# [Exercise prompt]
Leaving the pictures aside, return the listing exactly as it appears.

○ ○ ○ ○ ○

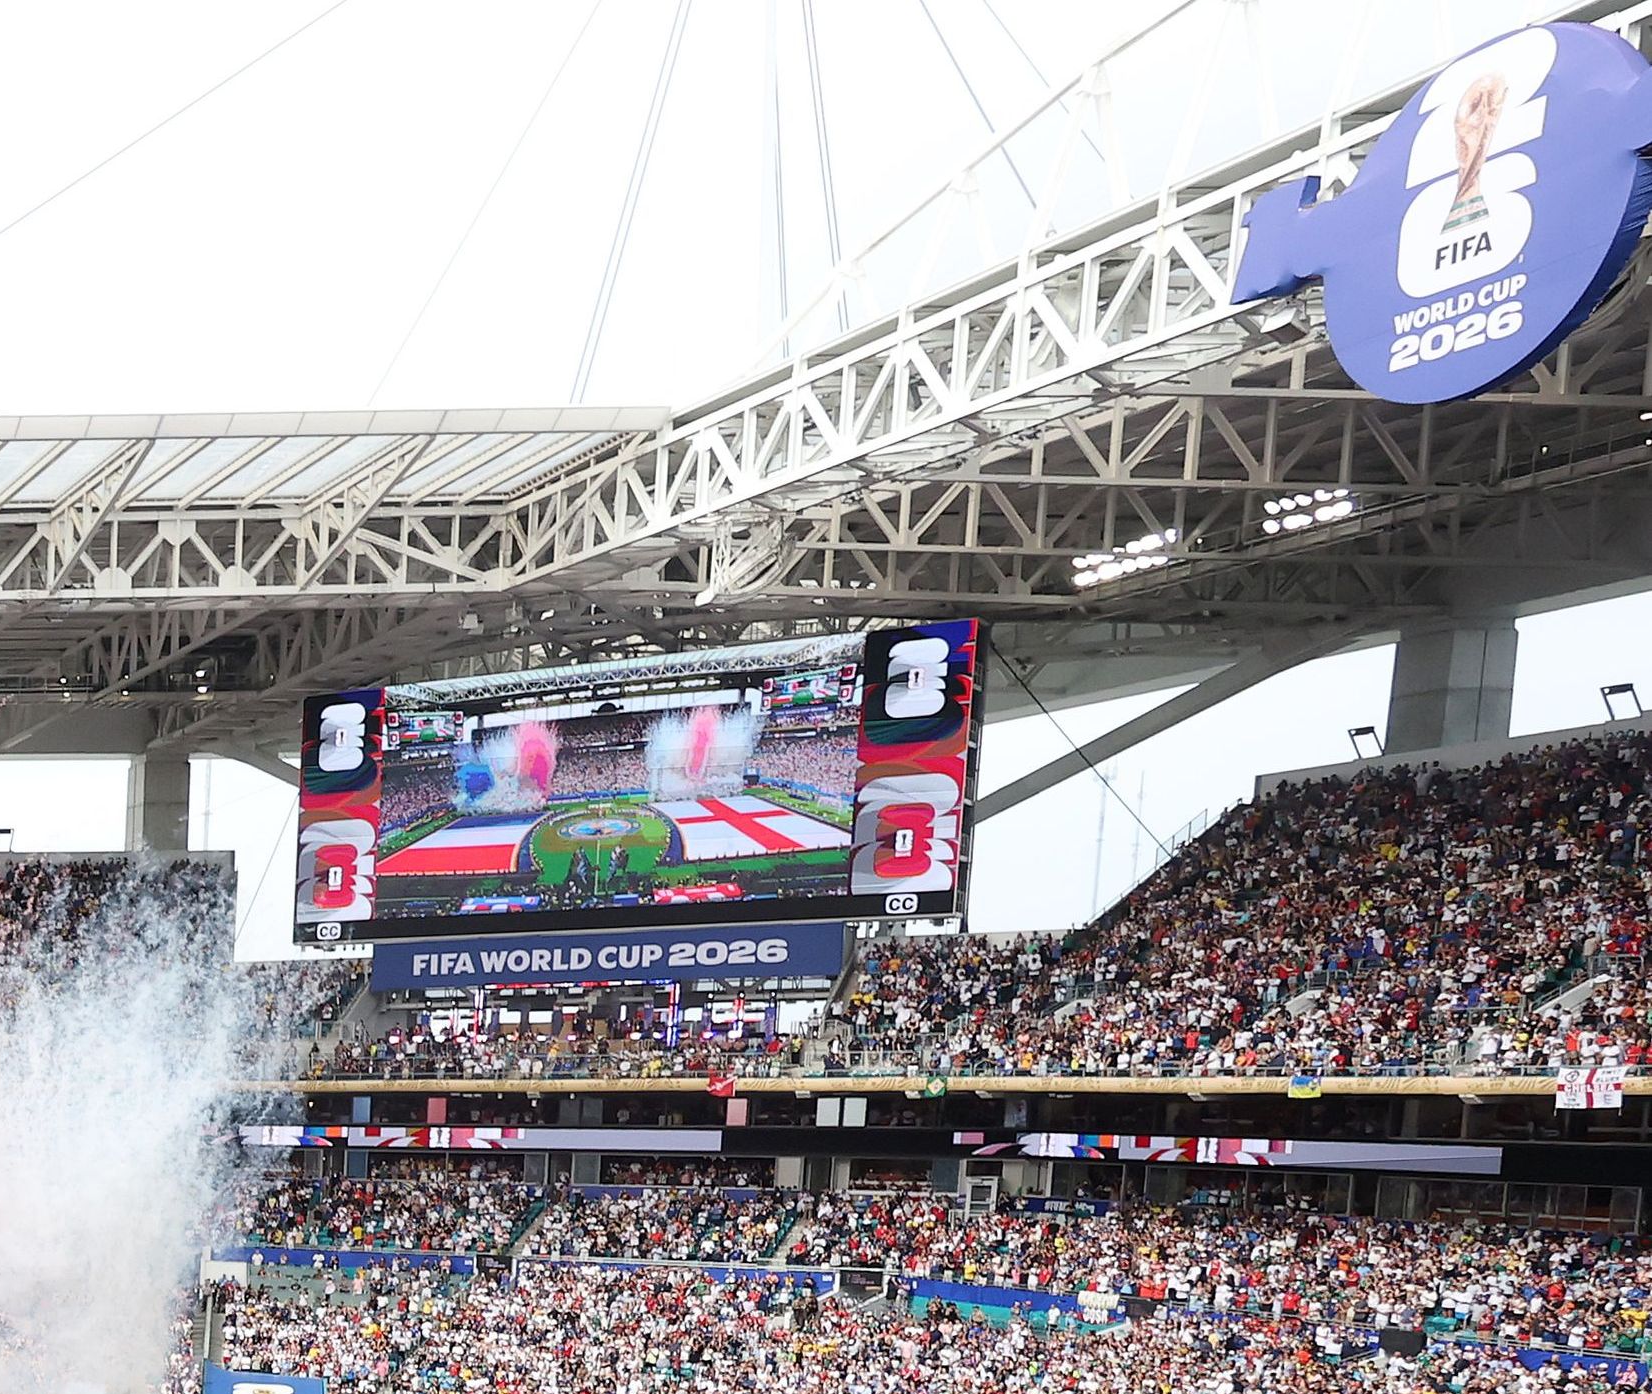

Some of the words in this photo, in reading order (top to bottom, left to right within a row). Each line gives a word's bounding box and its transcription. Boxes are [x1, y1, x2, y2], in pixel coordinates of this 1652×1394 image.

[1434, 231, 1493, 271] FIFA
[1393, 290, 1474, 336] WORLD
[1478, 274, 1528, 309] CUP
[1388, 301, 1524, 373] 2026
[889, 896, 915, 912] CC
[319, 925, 339, 938] CC
[413, 951, 475, 976] FIFA
[480, 945, 592, 973] WORLD
[597, 942, 663, 968] CUP
[669, 938, 789, 966] 2026
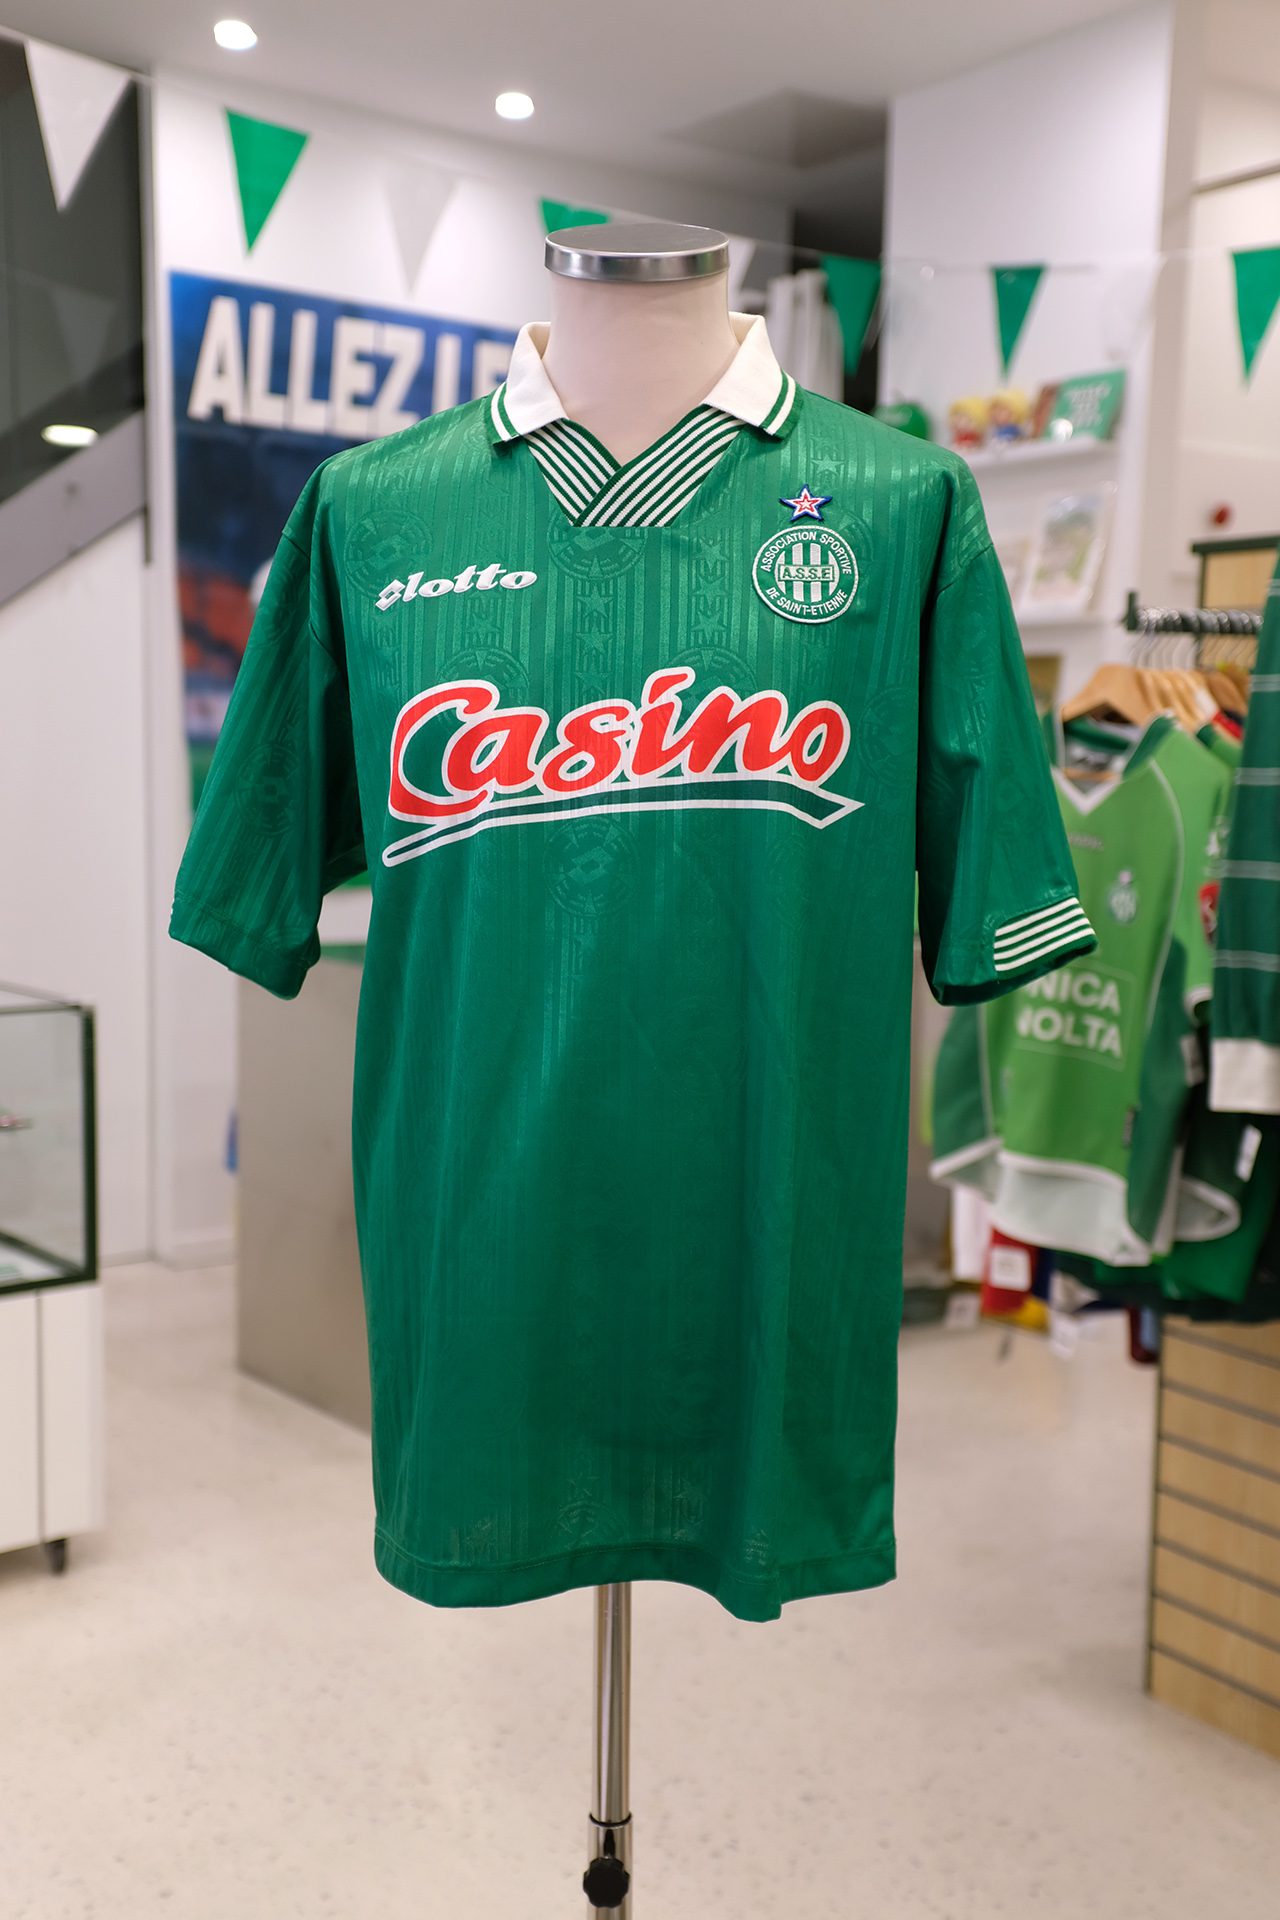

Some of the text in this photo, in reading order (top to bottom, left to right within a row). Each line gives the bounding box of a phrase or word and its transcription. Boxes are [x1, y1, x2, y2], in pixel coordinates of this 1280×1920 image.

[188, 295, 426, 440] ALLEZ
[760, 531, 852, 575] ASSOCIATION SPORTIVE
[402, 563, 538, 602] lotto
[765, 586, 848, 616] DE SAINT-ETIENNE
[388, 666, 852, 824] Casino
[1024, 970, 1121, 1016] NICA
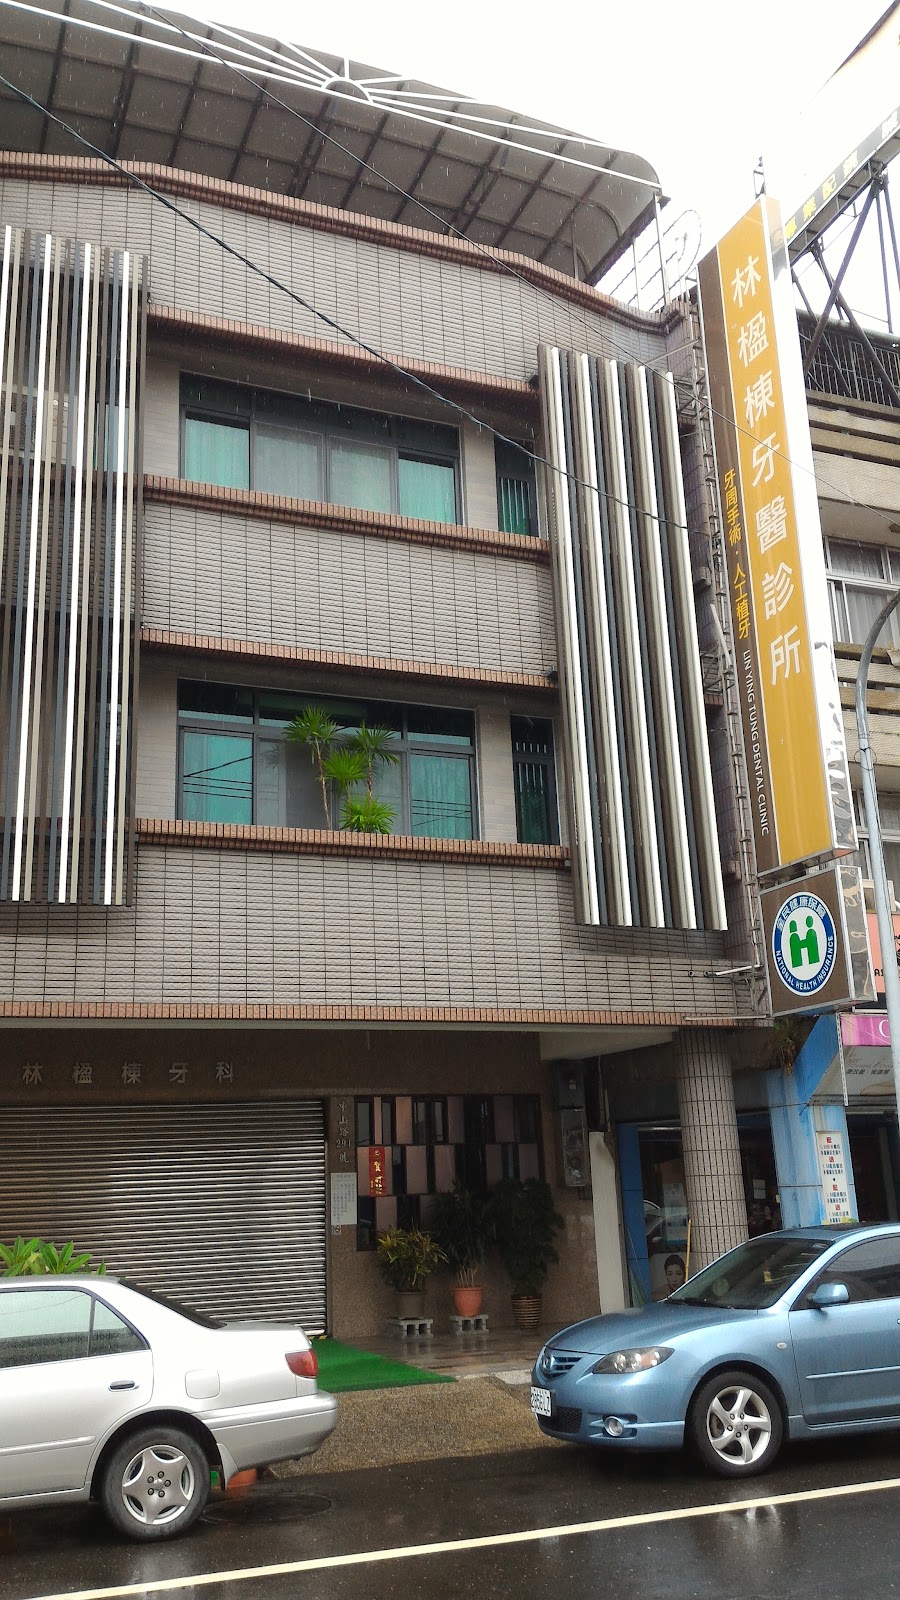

○ ○ ○ ○ ○

# [Answer for this exercise]
Some of the words in this photo, in reading order (top to bottom, left to right within a row). Each line gives a word's bounding box and its transcription. Boxes are [x1, y1, x2, y2], in pixel coordinates of this 1652×1394 image.

[1434, 231, 1493, 271] FIFA
[1393, 290, 1474, 336] WORLD
[1478, 274, 1528, 309] CUP
[1388, 301, 1524, 373] 2026
[889, 896, 915, 912] CC
[319, 925, 339, 938] CC
[413, 951, 475, 976] FIFA
[480, 945, 592, 973] WORLD
[597, 942, 663, 968] CUP
[669, 938, 789, 966] 2026

Some of the text in this photo, in reading order (top to bottom, left to right within a row). Each line gives the bounding box of a phrase or word and its transcription. Boxes are [x1, y1, x2, y2], in pixel coordinates of this 1280×1920 image.

[188, 295, 426, 440] ALLEZ
[760, 531, 852, 575] ASSOCIATION SPORTIVE
[402, 563, 538, 602] lotto
[765, 586, 848, 616] DE SAINT-ETIENNE
[388, 666, 852, 824] Casino
[1024, 970, 1121, 1016] NICA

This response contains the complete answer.